Ero di turno quella notte.Verso le 23, passando accanto alla stanza di Sergio, paziente terminale per neoplasia polmonare, ero tentato di filar via dritto, “tanto non posso far nulla!”, mi dicevo. Ma fu più forte di me ed entrai: solo ma tranquillo, mi guardò e gli chiesi: «Allora, come va?», ruotò il palmo delle mani, allargò un po’ le braccia e sorrise... di cuore, quasi come per ringraziarmi per quel piccolo gesto inatteso.
Rimasi un po’ con lui, e andandomene gli feci una carezza sulle gambe e gli dissi: «A presto!». Mi guardò e mi disse: «No!
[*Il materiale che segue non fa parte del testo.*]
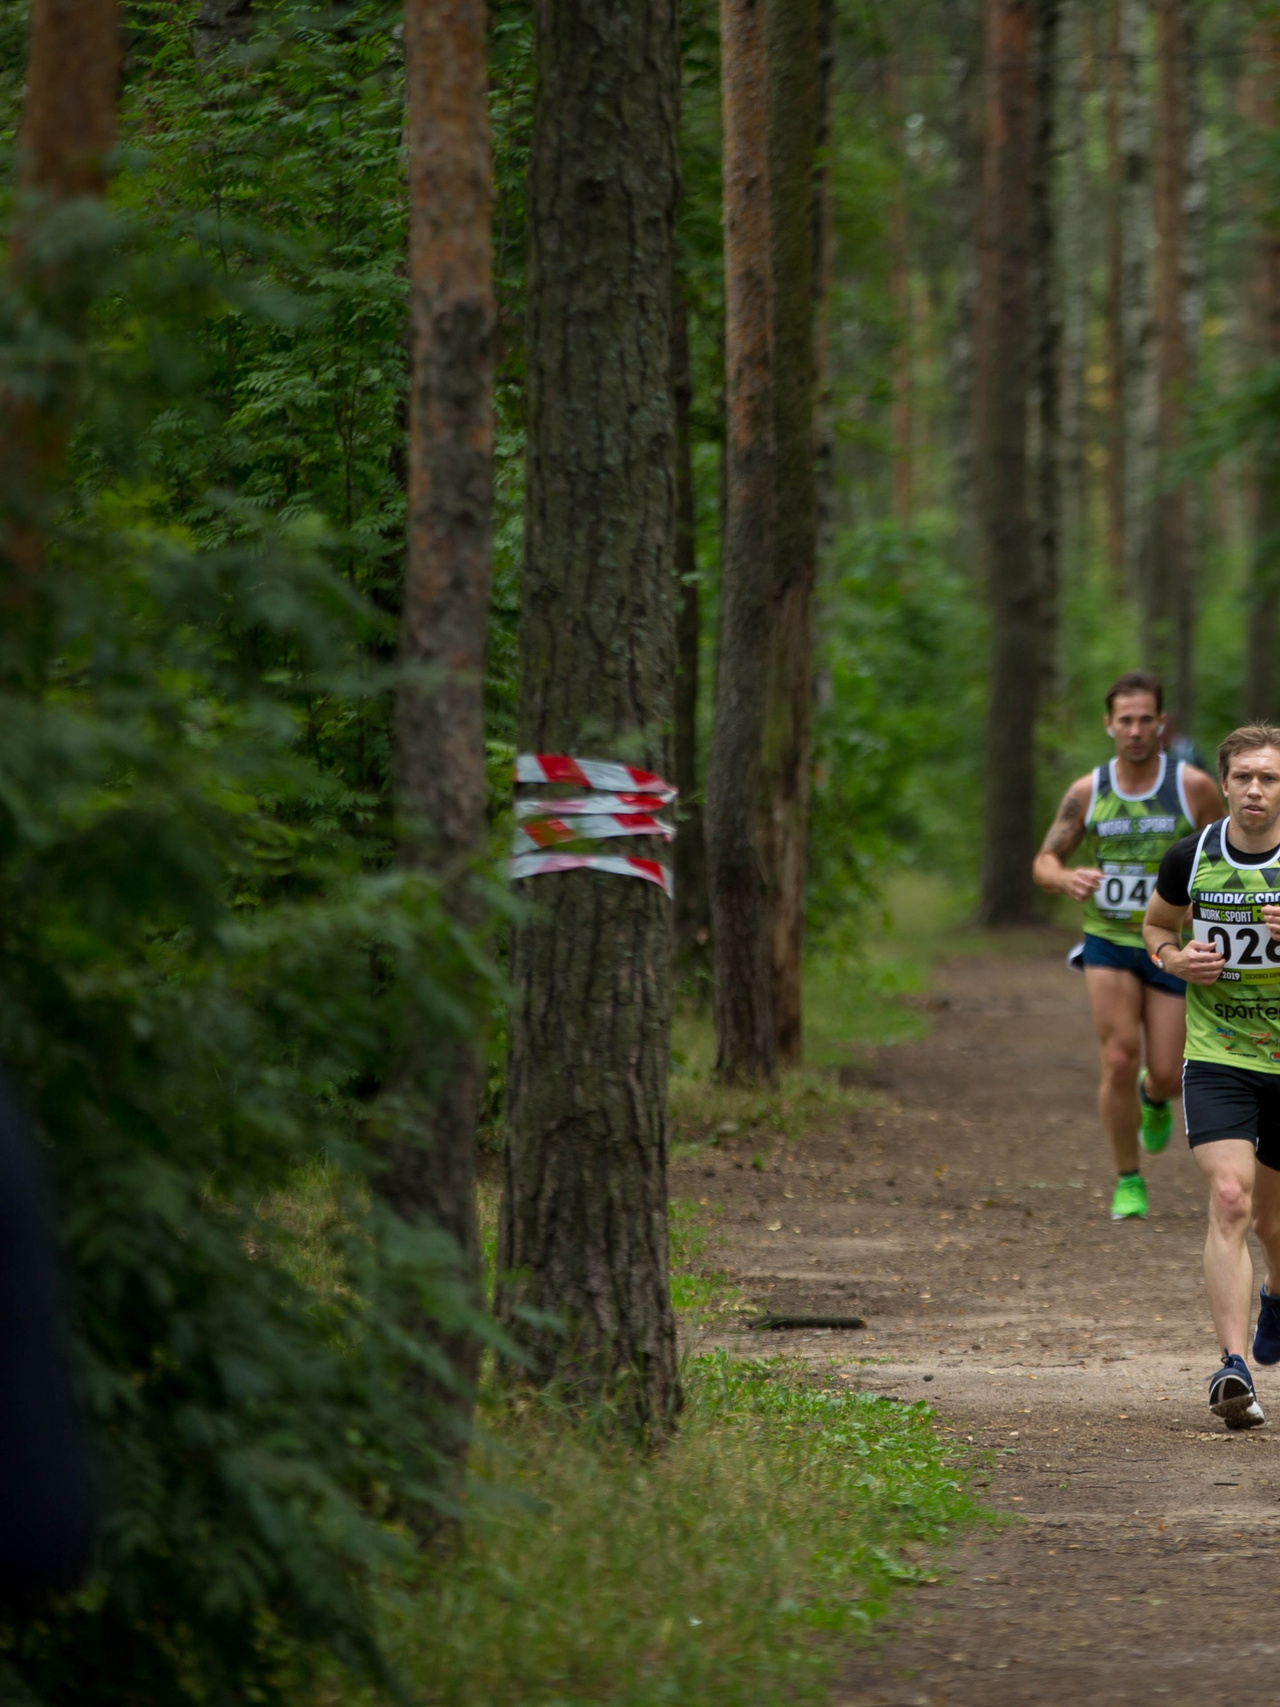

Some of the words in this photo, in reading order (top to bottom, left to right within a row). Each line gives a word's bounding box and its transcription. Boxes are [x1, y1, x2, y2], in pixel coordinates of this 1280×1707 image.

Il più tardi possibile, dottore». Quella notte Sergio ci salutò e mi fece capire che alla scuola del malato c’è sempre da imparare: anche quando ci pare di non aver nulla da donare, il nostro niente può diventare grande abbastanza per accogliere la consegna d’amore di una vita al tramonto.
Evelin era il suo nome.
Un nome che testimonia il sogno di molte famiglie dell’America del sud, di un domani migliore, diverso, dove la parola «necessario» possa, magari, abbinarsi a possedere qualcosa di superfluo che consenta di guardare al domani con occhi tranquilli, la pace nel cuore e una vita che assomigli allo stile dell’America bene, made in USA.
Evelin, colombiana, dodici anni, leucemia terminale in un letto d’ospedale, testimone impotente dell’arenarsi della scienza e dell’infrangersi di un sogno. Antonio, collega e amico, pediatra emato-oncologo, mi chiamò per una consulenza pneumologica, data l’insufficienza respiratoria che Evelin aveva sviluppato.
Entrando nella stanza notai subito una quiete composta, dove il dolore della madre di Evelin veniva annullato dall’amore per la figlia: sul suo viso un sorriso pacato che nasceva dalla lotta tra speranza e disperazione, e dove intuivo, nei versi del poeta, quell’amor di madre che intendere non può chi non è madre. Da un punto di vista medico non vi era molto di più da fare di quanto già veniva fatto per la patologia polmonare. Capii che Antonio aveva spostato il gioco su un altro campo: era evidente il rapporto di amicizia che si era instaurato tra Evelin, sua madre e Antonio: dove il dolore si materializza è facile inserirsi in questo gioco se si usano gli occhi del cuore, così mi misi a far parte anch’io della squadra. Dando molta importanza a piccoli gesti cercavamo di non far mai perdere a Evelin la speranza nel domani... domani anch’io sarei ritornato a vederla.
Arrivò presto domani, ancora prima per la mamma di Evelin che, stanca di vedere soffrire la figlia, domandò ad Antonio quanto fosse corretto continuare a trasfonderla dal momento che era solo un prolungare le sofferenze per la figlia. Si scusò, pure, per la domanda e ci spiegò che non era stanca, ma aveva il cuore a pezzi per il peggioramento continuo di Evelin, e aveva ragione: serviva molto più ossigeno per un’adeguata ossigenazione e la frequenza cardiaca era raddoppiata.
Dopo un breve consulto tra Antonio, il padre e la madre di Evelin, si decise di interrompere le trasfusioni. La mia presenza a questa piccola riunione era stata solo per supportare e suffragare la strategia di Antonio e condividere quella decisione alla quale un medico non vorrebbe mai arrivare.
Prima di andar via, per sdrammatizzare un po’ il clima, mi misi a scherzare con Evelin, pienamente lucida, e le dissi che doveva pagare una tassa per le mie consulenze: «Mi devi insegnare una bella parola in spagnolo, la più bella che ora ti viene in mente». Ci pensò un attimo, mi guardò e mi disse: «Adios!». Rimasi di pietra e dovetti rubare il cuore a sua madre per far finta di nulla, ma lei – quasi avesse avvertito questo mio disagio – mi disse: «ma tu come ti chiami?», sorrise alla mia risposta e le carezzai la testa. L’indomani mattina Evelin mise le ali per partire da questa terra. Non so dove sia arrivata, ma so che la sento nel cuore e mi insegna che là dove non arriva il cuore della scienza, là, proprio là... arriva la scienza del cuore.